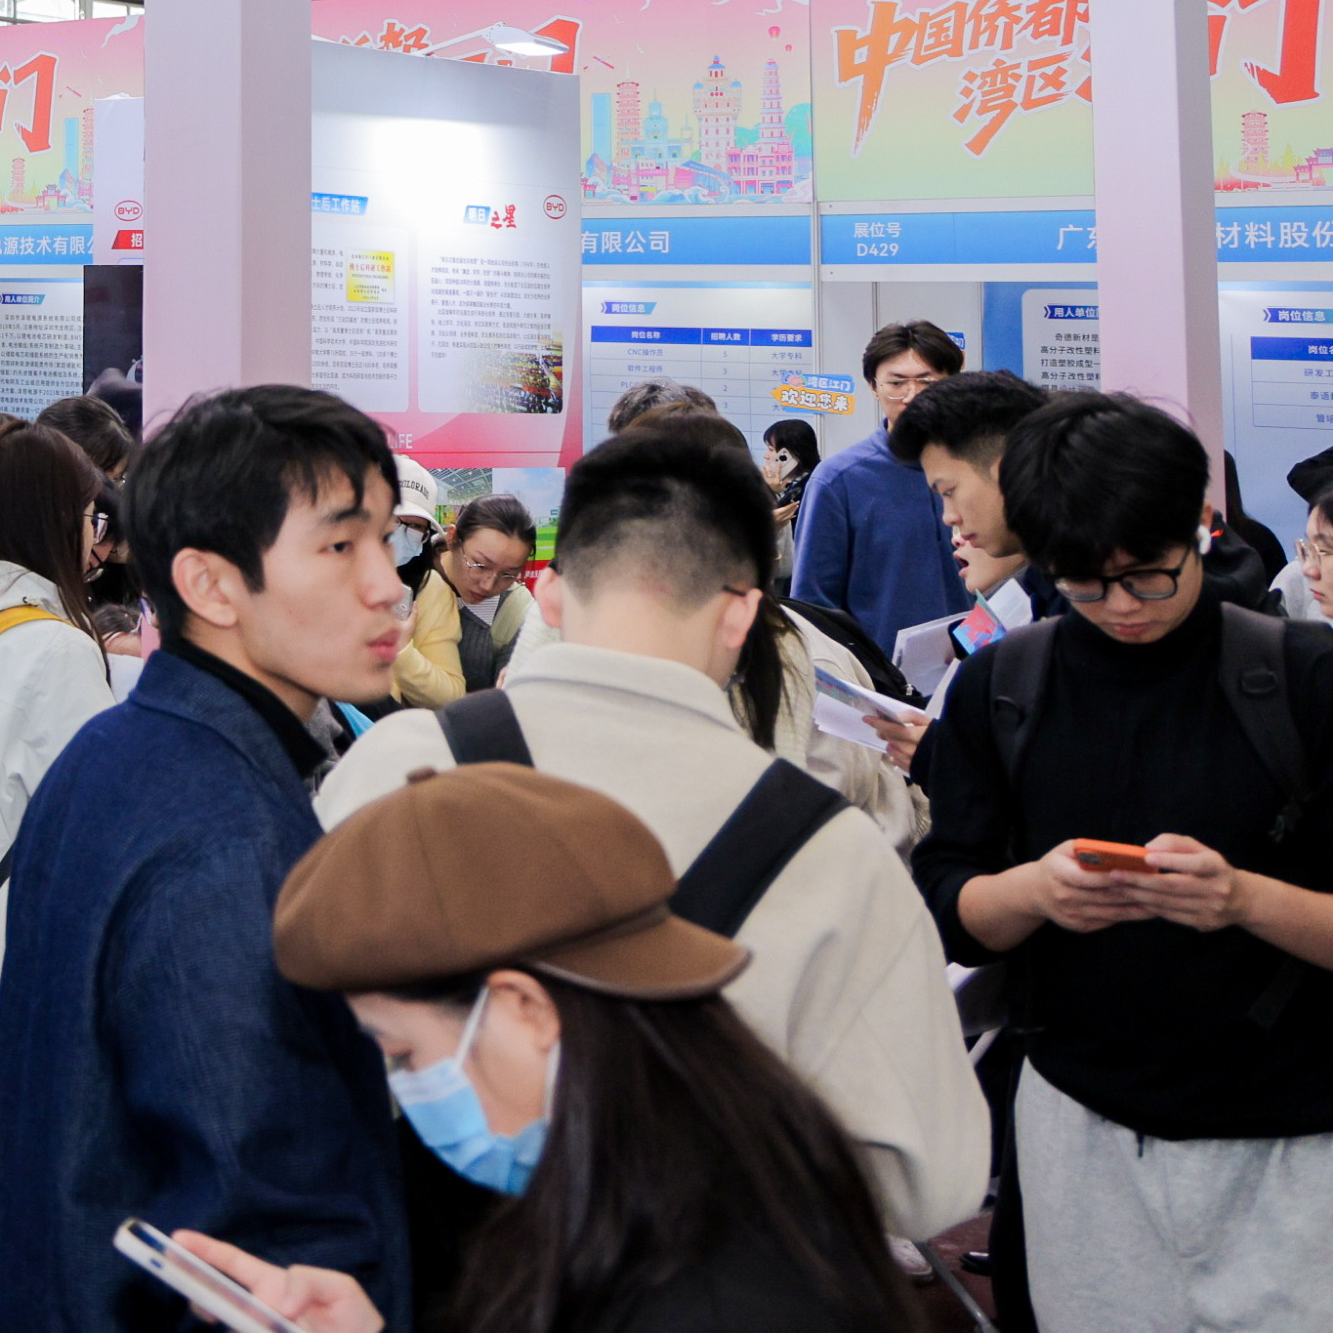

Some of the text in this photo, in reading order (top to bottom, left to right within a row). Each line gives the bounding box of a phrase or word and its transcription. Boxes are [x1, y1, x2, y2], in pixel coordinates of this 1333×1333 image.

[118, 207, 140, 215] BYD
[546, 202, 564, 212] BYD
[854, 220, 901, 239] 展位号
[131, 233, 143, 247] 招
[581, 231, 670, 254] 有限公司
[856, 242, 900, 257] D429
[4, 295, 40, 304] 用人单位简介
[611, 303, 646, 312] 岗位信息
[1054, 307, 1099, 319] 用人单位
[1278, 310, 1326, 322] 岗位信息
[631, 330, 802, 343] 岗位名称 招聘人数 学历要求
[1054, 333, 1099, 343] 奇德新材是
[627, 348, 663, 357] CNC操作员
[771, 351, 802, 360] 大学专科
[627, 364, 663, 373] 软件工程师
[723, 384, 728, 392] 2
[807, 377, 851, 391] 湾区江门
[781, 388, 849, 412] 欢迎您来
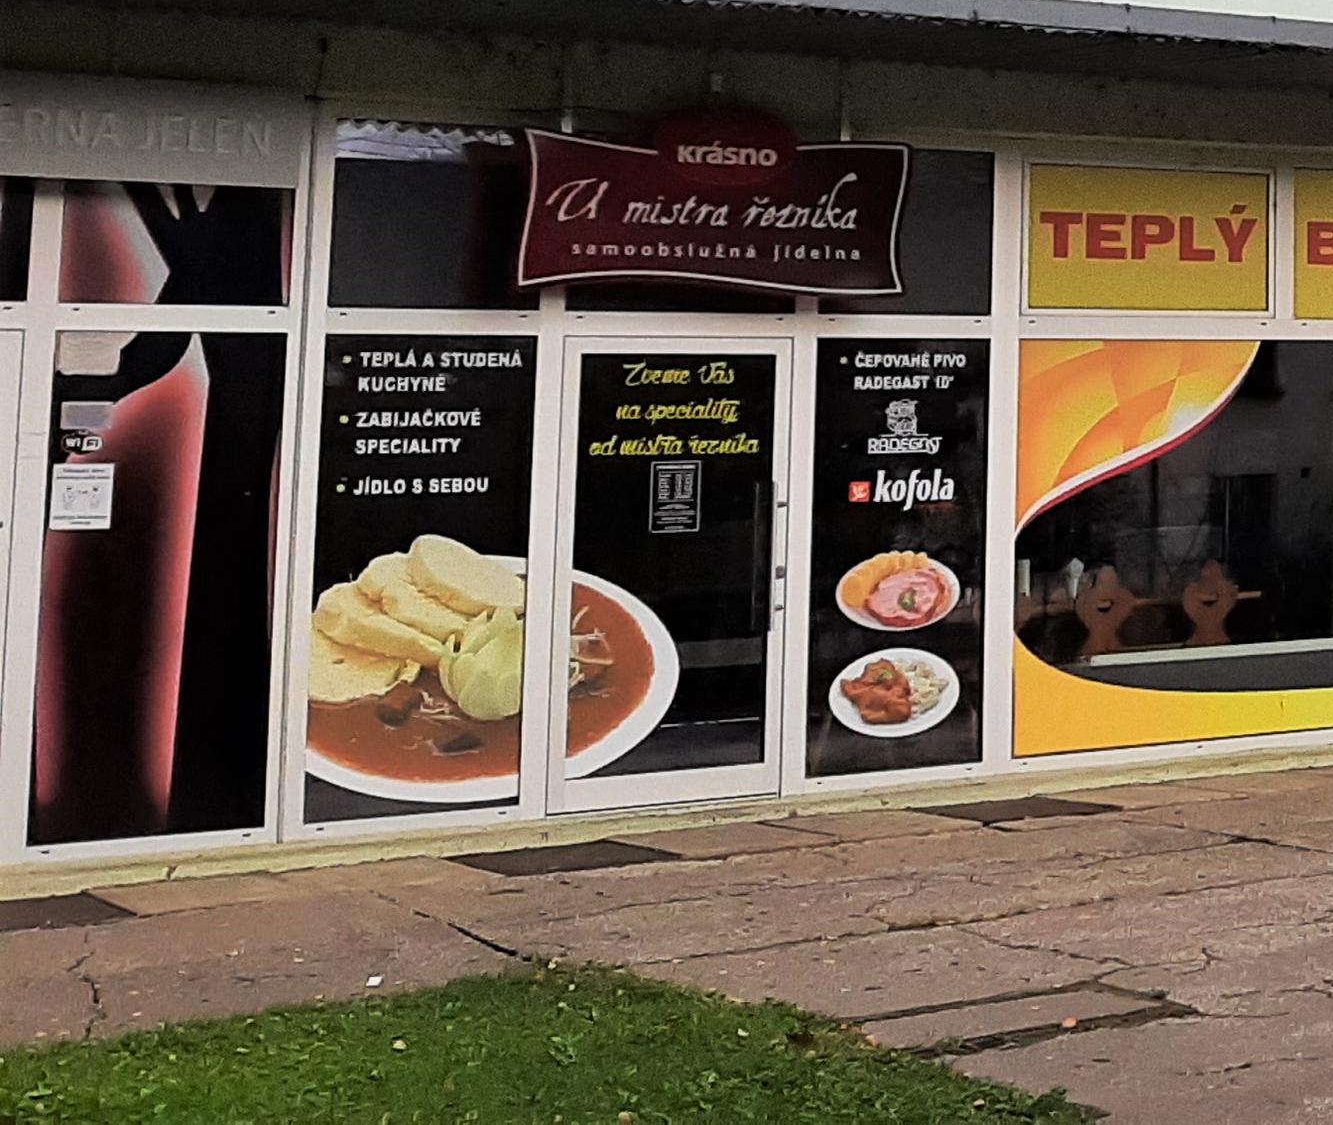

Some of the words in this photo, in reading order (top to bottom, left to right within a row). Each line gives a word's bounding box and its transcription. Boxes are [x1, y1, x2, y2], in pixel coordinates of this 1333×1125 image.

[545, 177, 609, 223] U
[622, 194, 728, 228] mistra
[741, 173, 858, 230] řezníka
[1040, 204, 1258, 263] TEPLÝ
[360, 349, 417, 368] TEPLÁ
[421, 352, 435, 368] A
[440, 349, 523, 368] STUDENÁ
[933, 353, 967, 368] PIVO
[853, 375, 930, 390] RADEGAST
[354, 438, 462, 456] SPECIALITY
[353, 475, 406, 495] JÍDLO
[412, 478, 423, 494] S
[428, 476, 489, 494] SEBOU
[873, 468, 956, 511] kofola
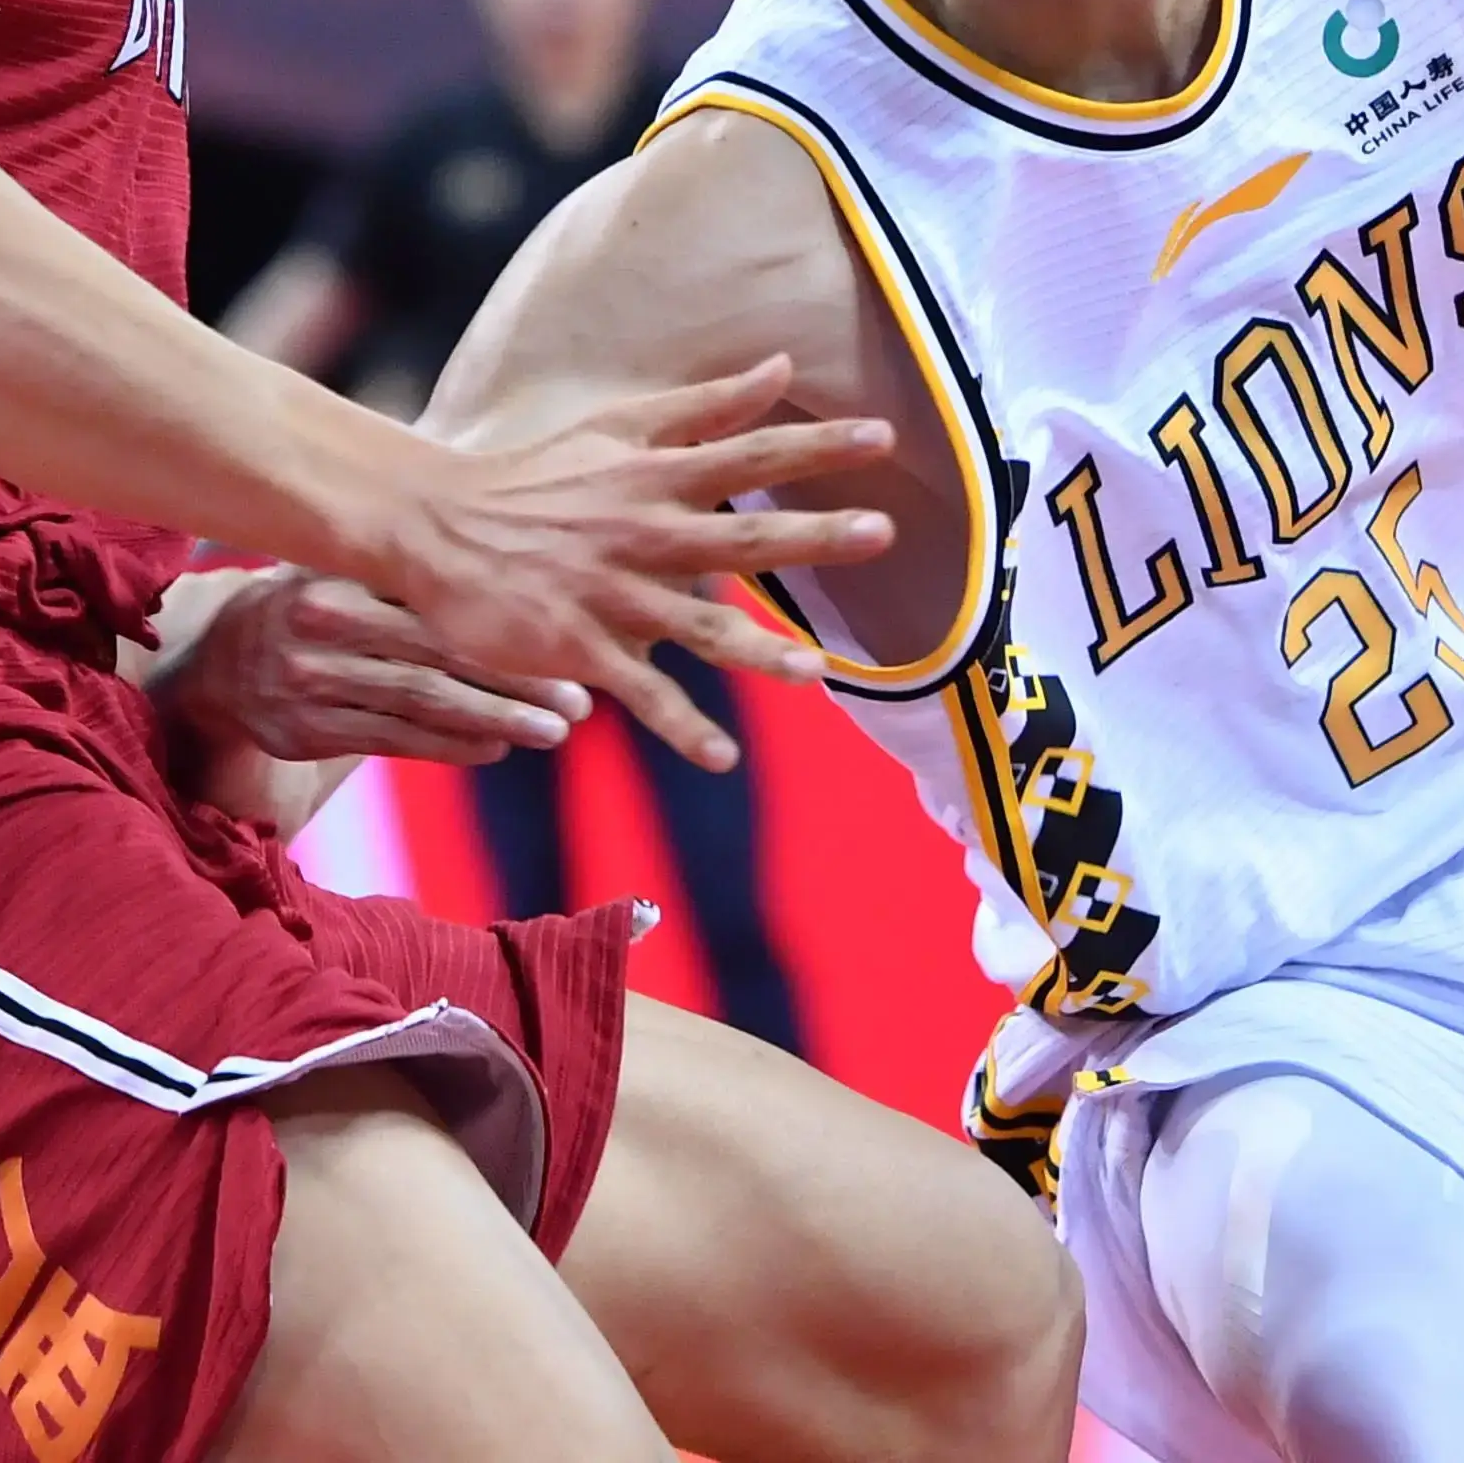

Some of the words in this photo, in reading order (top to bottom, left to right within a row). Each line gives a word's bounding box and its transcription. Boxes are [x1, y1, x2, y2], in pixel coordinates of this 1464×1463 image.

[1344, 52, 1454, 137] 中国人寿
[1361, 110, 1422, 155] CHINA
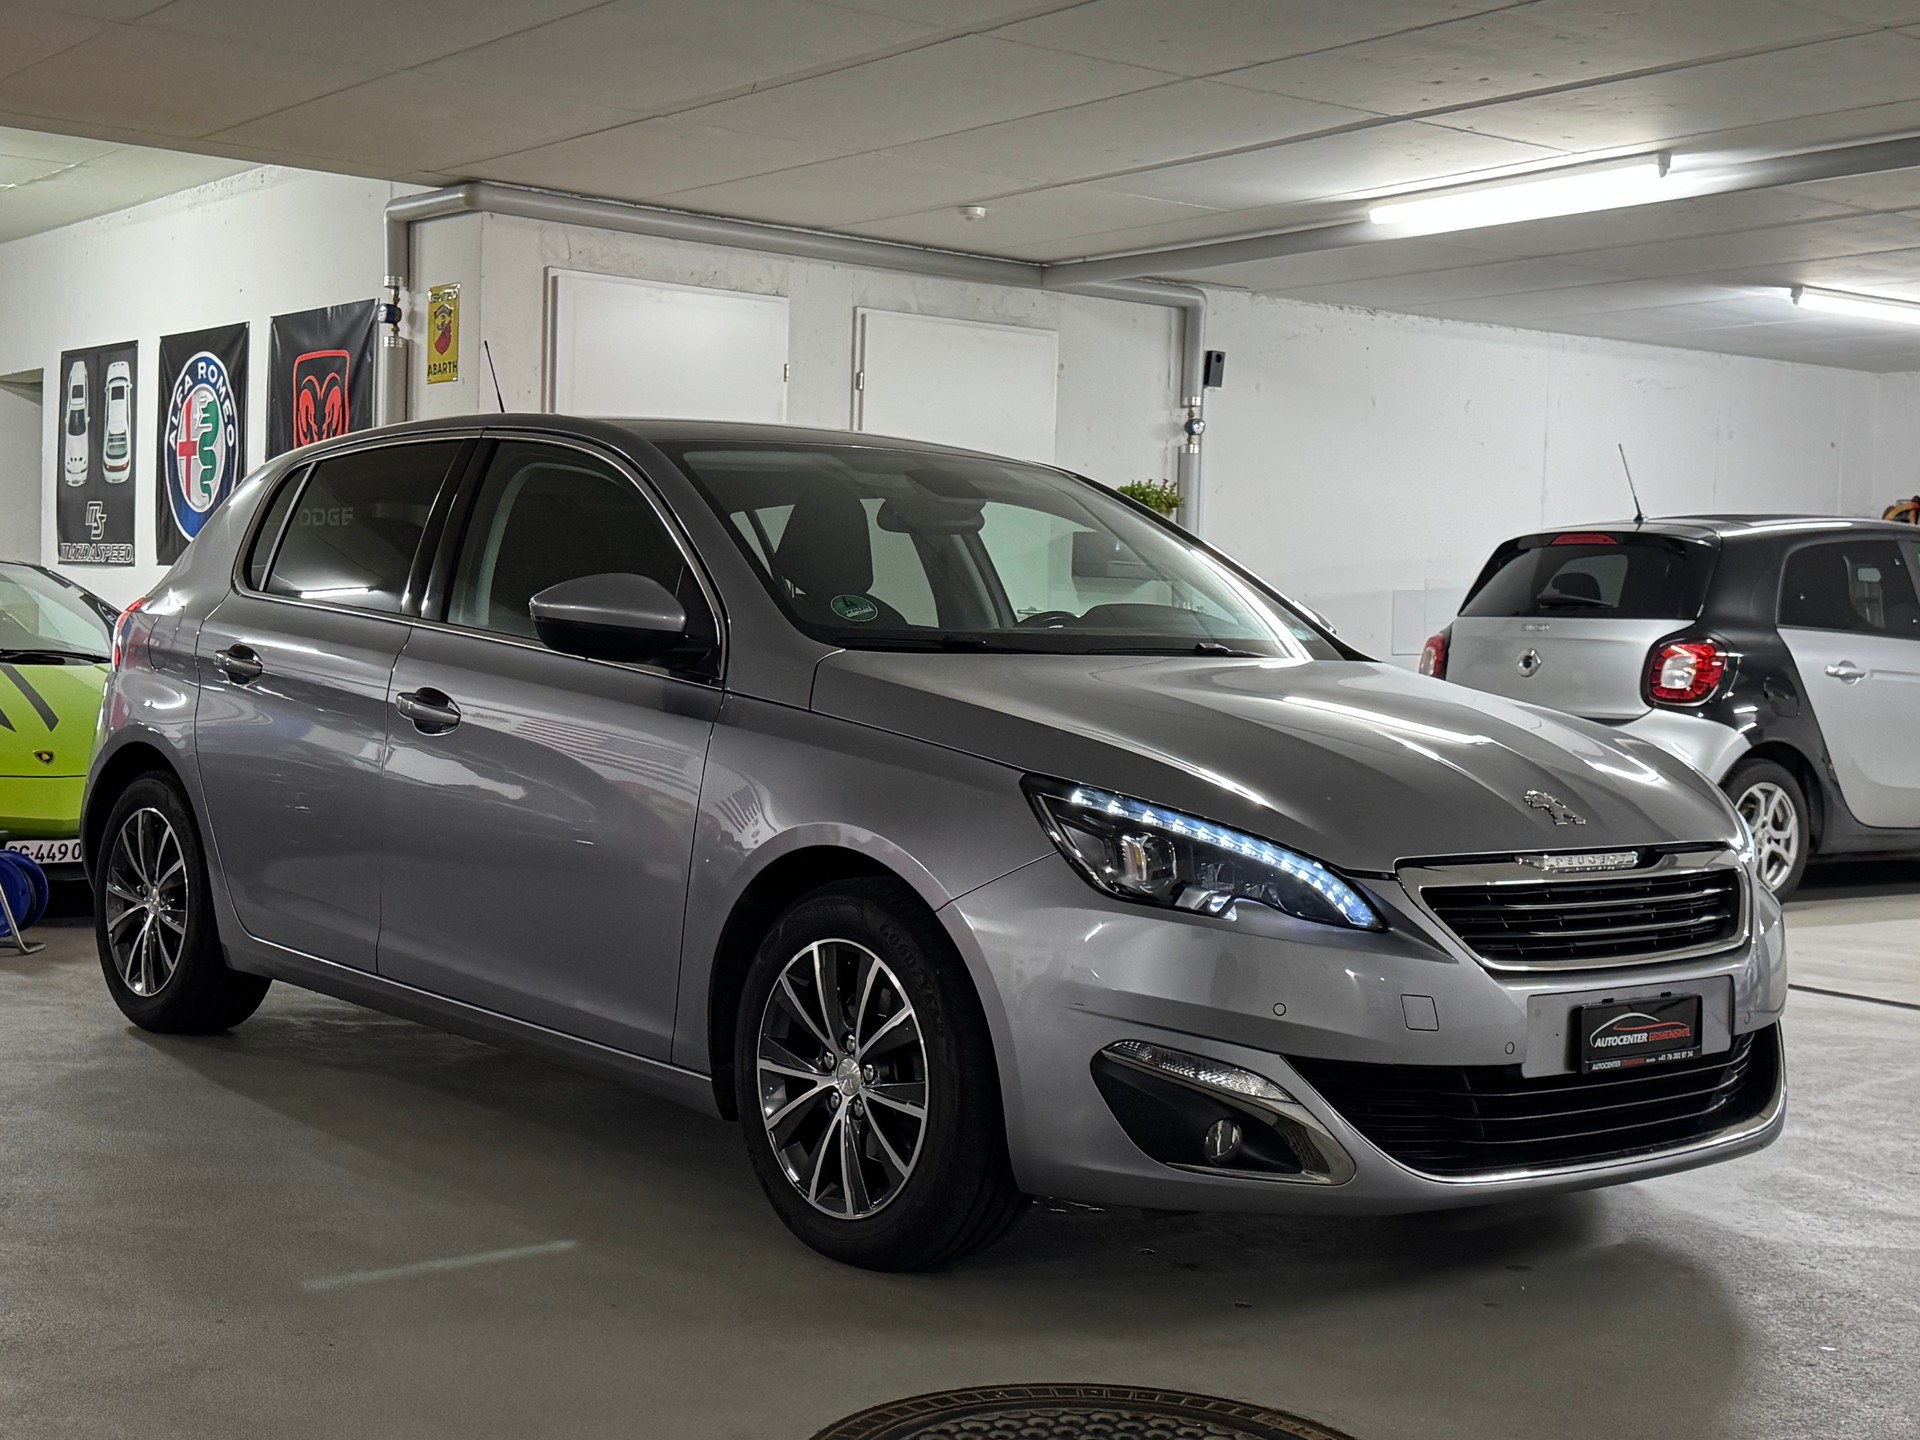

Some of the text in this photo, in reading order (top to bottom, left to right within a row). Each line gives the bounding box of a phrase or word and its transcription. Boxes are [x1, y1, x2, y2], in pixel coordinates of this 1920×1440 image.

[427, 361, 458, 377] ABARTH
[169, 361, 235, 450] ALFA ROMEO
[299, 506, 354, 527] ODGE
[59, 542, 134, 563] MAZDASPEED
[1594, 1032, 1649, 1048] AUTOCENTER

● ● ● ● ●

- What to work on -
Put each line of the listing above into the copy exactly, dropping the pictures.

- Exercise output -
Some of the text in this photo, in reading order (top to bottom, left to right within a row). Each line gives the bounding box of a phrase or word and its transcription. Boxes are [x1, y1, x2, y2], in pixel coordinates of this 1333×1333 image.

[118, 207, 140, 215] BYD
[546, 202, 564, 212] BYD
[854, 220, 901, 239] 展位号
[131, 233, 143, 247] 招
[581, 231, 670, 254] 有限公司
[856, 242, 900, 257] D429
[4, 295, 40, 304] 用人单位简介
[611, 303, 646, 312] 岗位信息
[1054, 307, 1099, 319] 用人单位
[1278, 310, 1326, 322] 岗位信息
[631, 330, 802, 343] 岗位名称 招聘人数 学历要求
[1054, 333, 1099, 343] 奇德新材是
[627, 348, 663, 357] CNC操作员
[771, 351, 802, 360] 大学专科
[627, 364, 663, 373] 软件工程师
[723, 384, 728, 392] 2
[807, 377, 851, 391] 湾区江门
[781, 388, 849, 412] 欢迎您来

Some of the words in this photo, in reading order (top to bottom, left to right within a row). Each line gives a word's bounding box and its transcription. Boxes are [x1, y1, x2, y2], in pixel coordinates of this 1333×1125 image.

[545, 177, 609, 223] U
[622, 194, 728, 228] mistra
[741, 173, 858, 230] řezníka
[1040, 204, 1258, 263] TEPLÝ
[360, 349, 417, 368] TEPLÁ
[421, 352, 435, 368] A
[440, 349, 523, 368] STUDENÁ
[933, 353, 967, 368] PIVO
[853, 375, 930, 390] RADEGAST
[354, 438, 462, 456] SPECIALITY
[353, 475, 406, 495] JÍDLO
[412, 478, 423, 494] S
[428, 476, 489, 494] SEBOU
[873, 468, 956, 511] kofola

Some of the words in this photo, in reading order (top to bottom, left to right within a row). Each line gives a word's bounding box and its transcription. Boxes are [x1, y1, x2, y2], in pixel coordinates of this 1464×1463 image.

[1344, 52, 1454, 137] 中国人寿
[1361, 110, 1422, 155] CHINA

Some of the text in this photo, in reading order (top to bottom, left to right within a row). Each line gives the bounding box of a phrase or word and its transcription. Boxes are [x1, y1, x2, y2], in pixel coordinates of this 1920×1440 image.

[427, 361, 458, 377] ABARTH
[169, 361, 235, 450] ALFA ROMEO
[299, 506, 354, 527] ODGE
[59, 542, 134, 563] MAZDASPEED
[1594, 1032, 1649, 1048] AUTOCENTER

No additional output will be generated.